My husband and I chose our last cell phones poorly and have been having problems with them for the past two years. We’ve called the help line, visited the store, and generally talked to a lot of people without resolution. Recently he received a customer survey from our provider and let them have it! A few days later, he got a phone call from a very helpful customer service person who actually listened to the problem and offered to switch our faulty phones for a better version. We’ll see what happens, but at least it feels like we’re moving forward.
Did we say, “wow, after two years it’s great to finally reach a customer service person who can listen?” No. What we said was, “they must finally have changed their policy regarding that phone.” We recognized that the problem went higher than the individuals we were dealing with.
Ken Blanchard is a well regarded author on leadership and management. He tells a similar story about his experiences while renewing his driving license. What had been a frustrating experience was changed to a timely and efficient process.
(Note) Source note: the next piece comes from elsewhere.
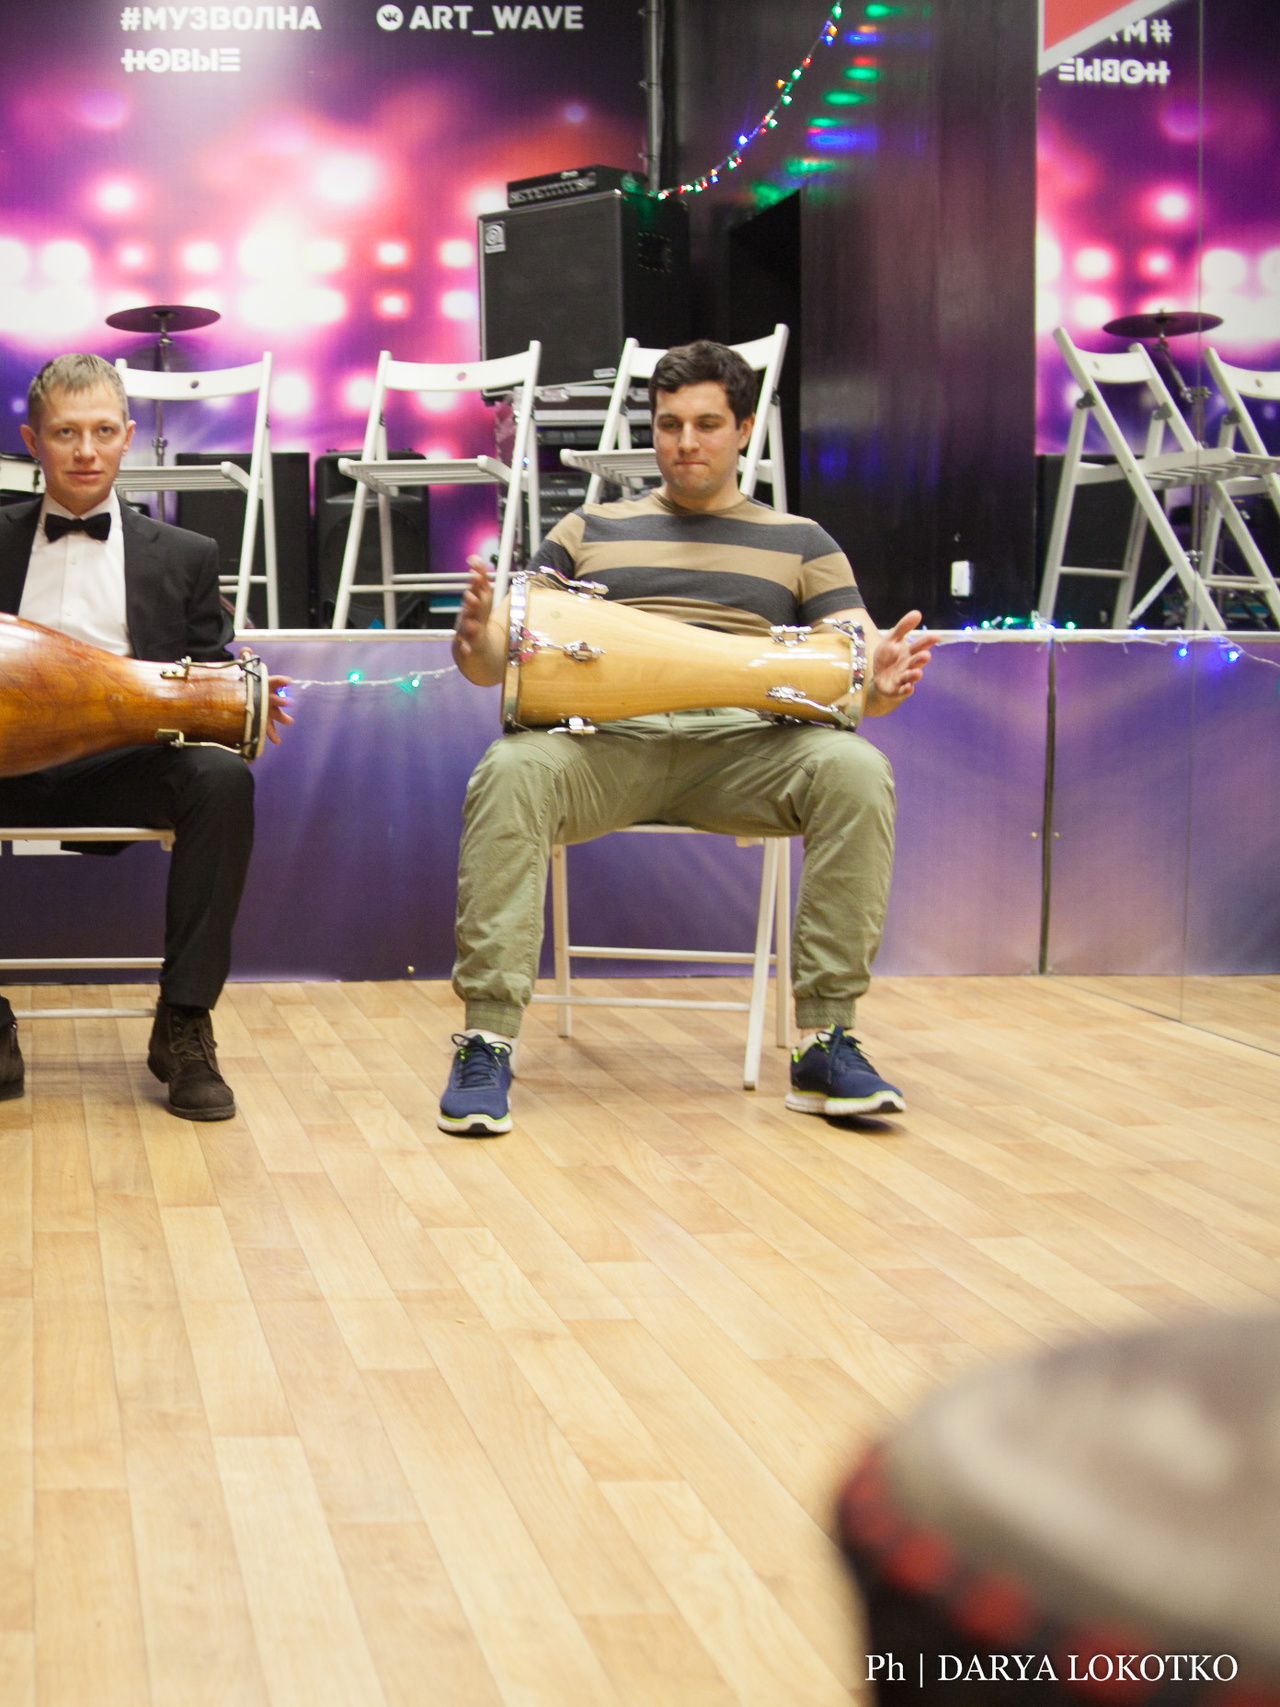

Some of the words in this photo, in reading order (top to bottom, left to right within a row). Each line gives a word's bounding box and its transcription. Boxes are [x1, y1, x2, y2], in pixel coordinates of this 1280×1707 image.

[120, 6, 322, 31] #МУЗВОЛНА
[409, 5, 584, 35] ART_WAVE
[121, 49, 240, 73] НОВЫЕ
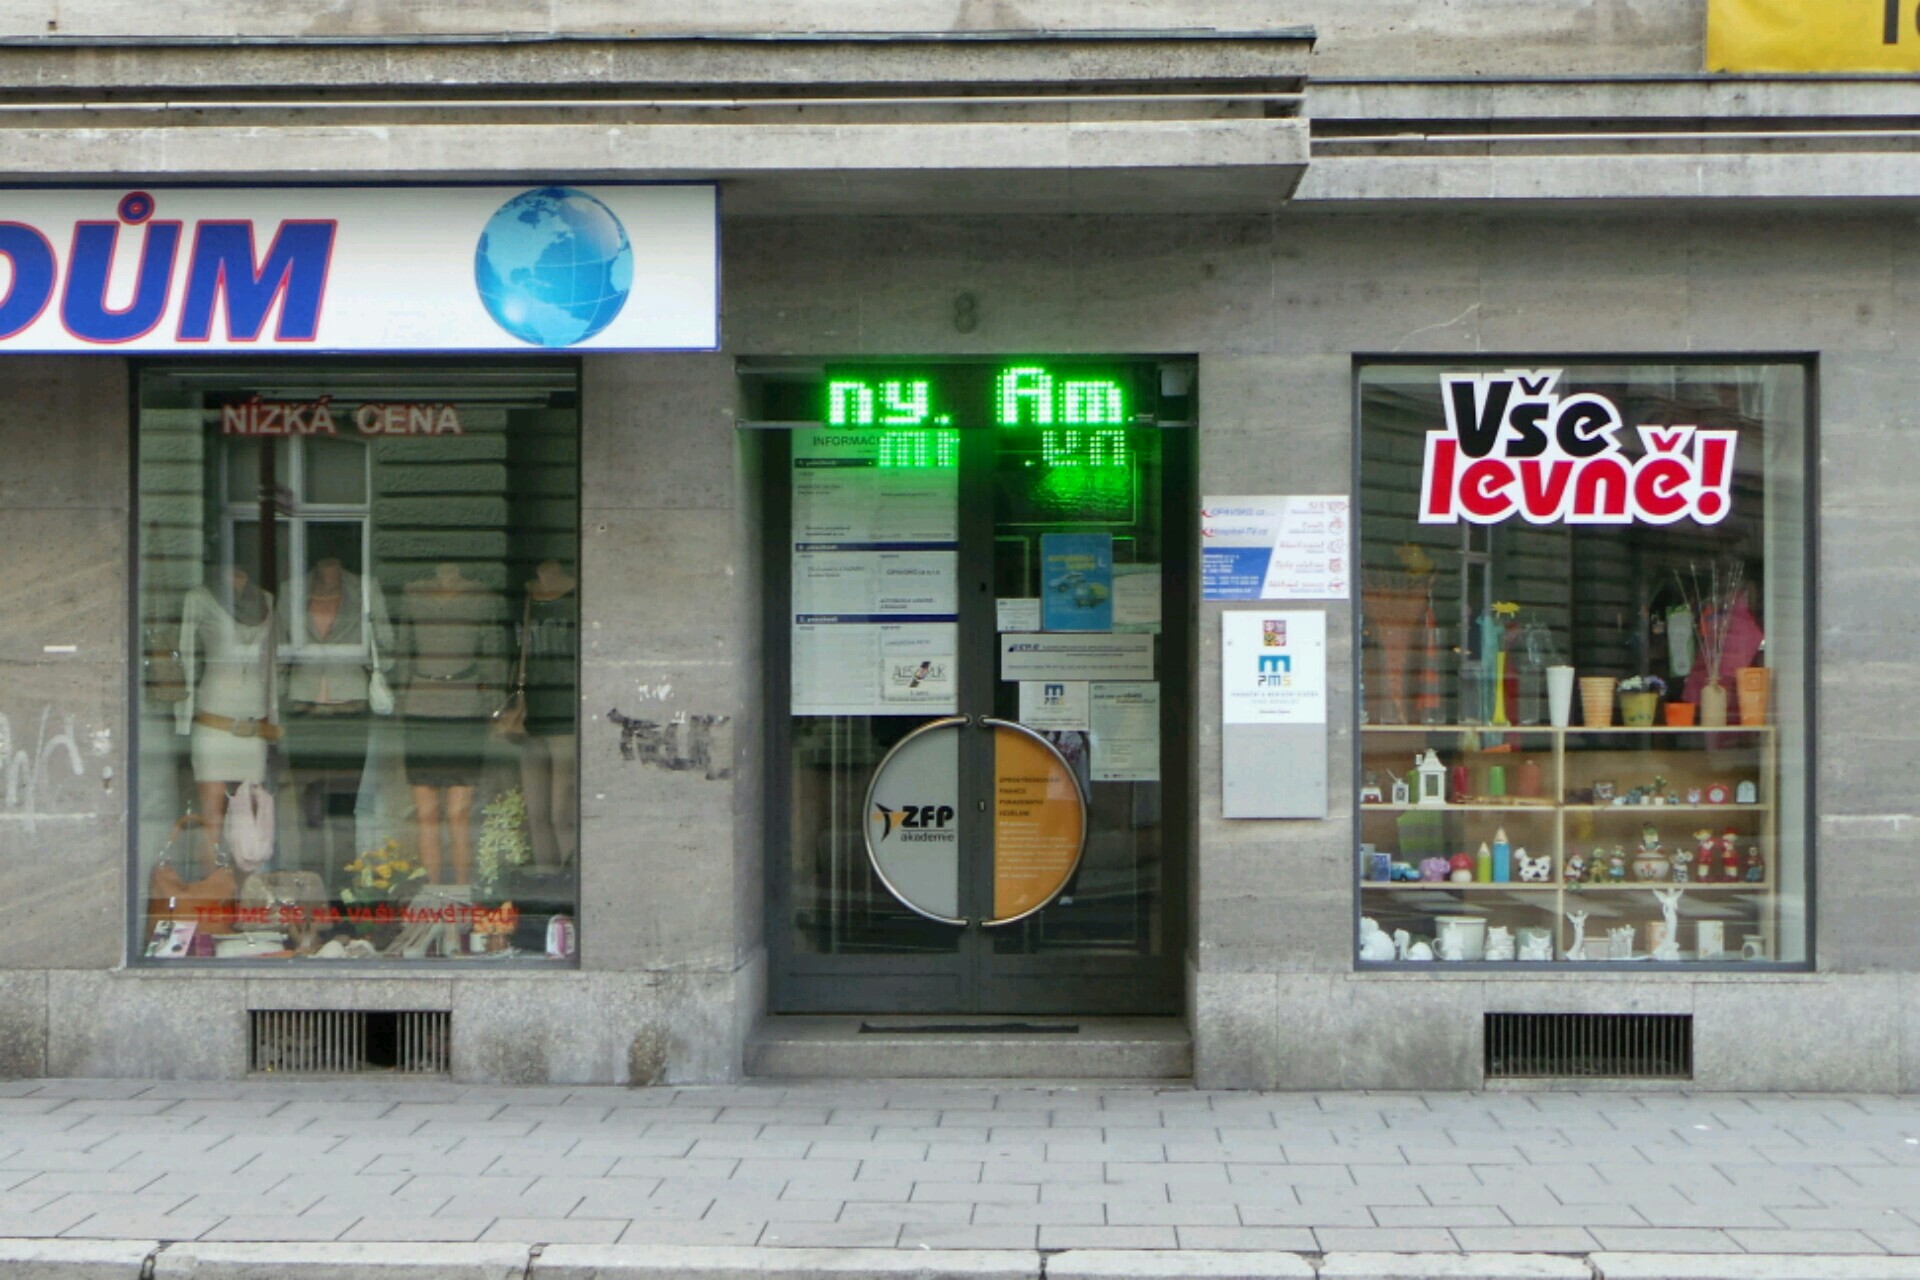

Check out this animated video of the story.
Blanchard makes the point that changes in customer service, whether for better or worse, are always the result of leadership. The positive changes he experienced at his local department of motor vehicles were enacted with exactly the same staff. It was the leader who was driving the difference.
As we conclude our exploration of the leadership competency of builds a customer service orientation, what thoughts do you have about Blanchard’s story? Do you believe that an organizational focus on customer service always starts with the leader? If so, what type of service does your leadership generate?